01/15/2026
Avant de présenter la prochaine partie du processus de fabrication du chocolat, j'en profite pour vous souhaiter une bonne année remplie de santé, d'amour et d'atteinte de vos objectifs.
Faire du bon chocolat étape 5: le conchage. Présentée un petit mois plus t**d que prévu parce que... la conche maison a brisé avant les vacances. Oupsie! En plus, c'est pour finalement se rendre compte que, comme le conchage se fait entièrement dans un contenant fermé, une vidéo est difficilement réalisable. Bon.
Le conchage, c'est l'étape où on travaille la saveur du chocolat. Au commencement, il est encore acide et astringent, ses saveurs masquées par des composés indésirables. La solution, c'est de le brasser, de le chauffer et de l'aérer pour homogénéiser la texture, répartir les particules aromatiques dans le beurre de cacao liquide et évaporer les acides et autres arômes désagréables.
Plusieurs types de conche existent et fournissent le mouvement de cisaillement et l'aération nécessaires. Elles ont chacune leurs avantages et leur inconvénients, dont le prix (souvent 20 000$ et +), la complexité mécanique (risque de bris) et la rapidité (souvent de 2h à 24h). Certaines (1ere et 2e photos) peuvent même s'occuper de l'affinage, éliminant une machine nécessaire à la production de chocolat. Chez Chocolat Infini, on utilise un disque à dispersion tournant à haute vitese et un couvert spécial posé sur la tempéreuse, une solution à moins de 500 $ qui effectue le conchage en environ 24h.

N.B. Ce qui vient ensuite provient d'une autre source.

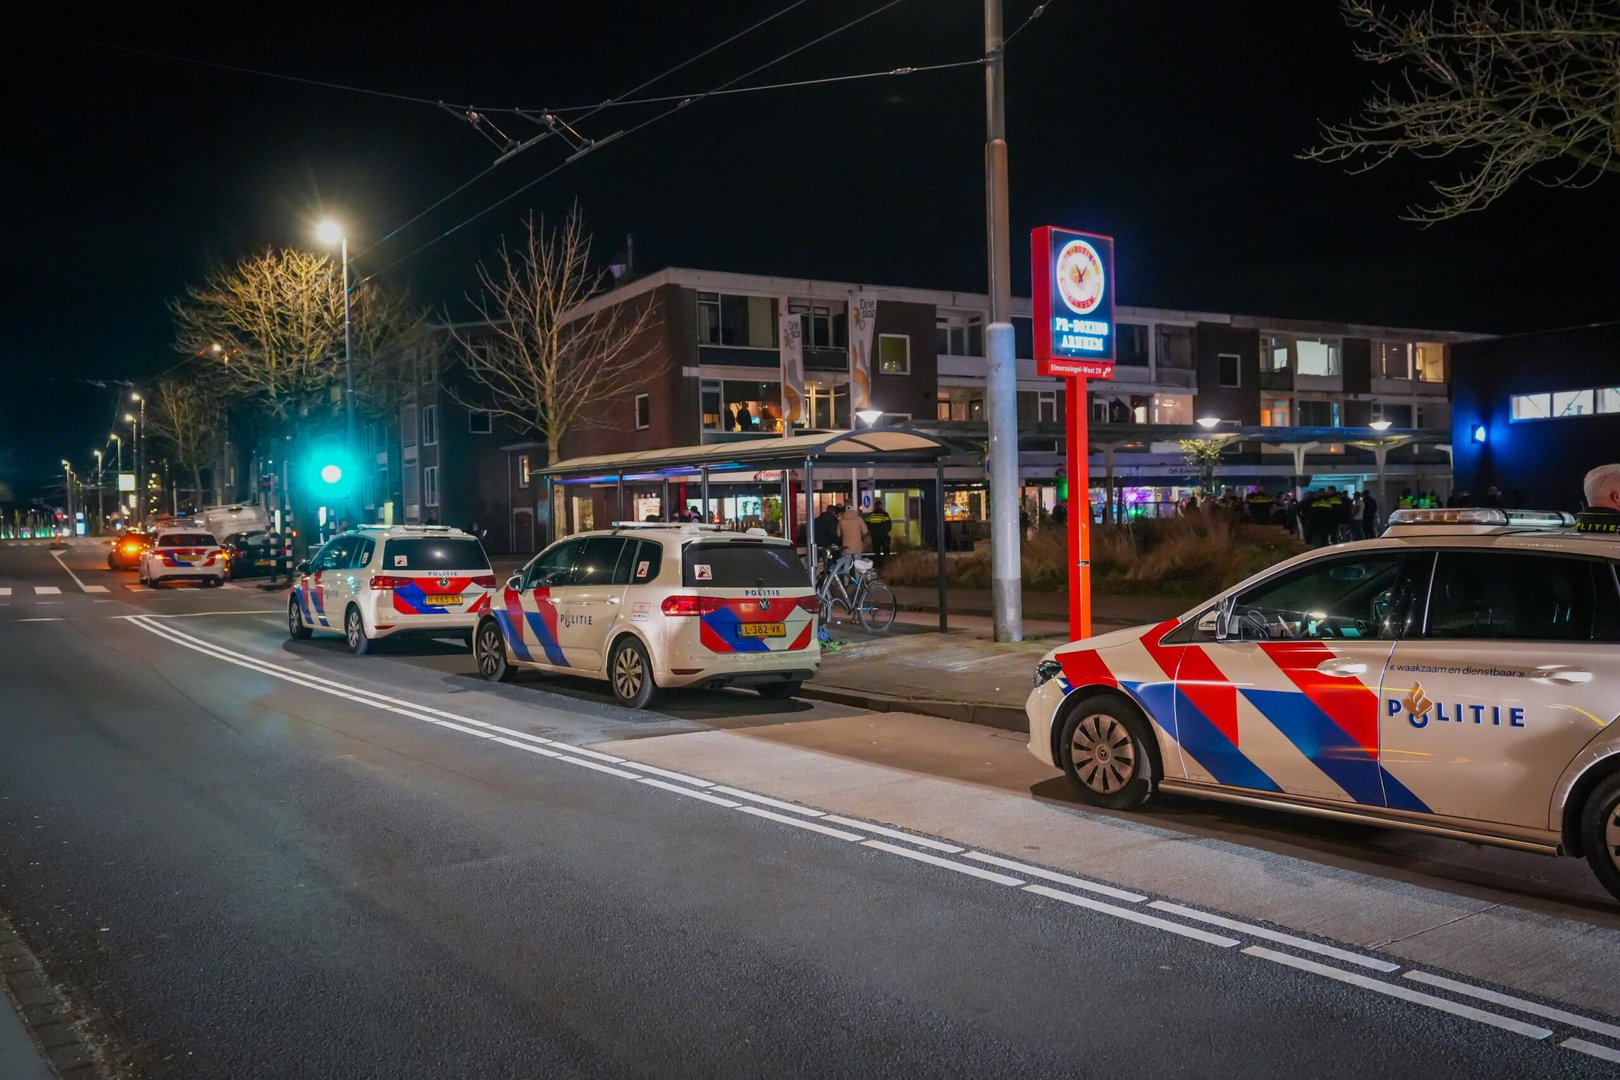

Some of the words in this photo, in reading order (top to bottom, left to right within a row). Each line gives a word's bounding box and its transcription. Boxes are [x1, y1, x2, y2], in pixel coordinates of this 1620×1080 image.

On retire le chocolat de la conche lorsque l'astringence et l'acidité ont atteint un niveau acceptable. Le chocolat n'a alors toujours pas fini de développer ses saveurs; cela prendra encore quelques semaines, après l'emballage. C'est pour cela qu'on attend maintenant au moins une semaine avant d'emballer le chocolat, juste au cas d'une mauvaise surprise ou qu'il faille le concher quelques heures de plus.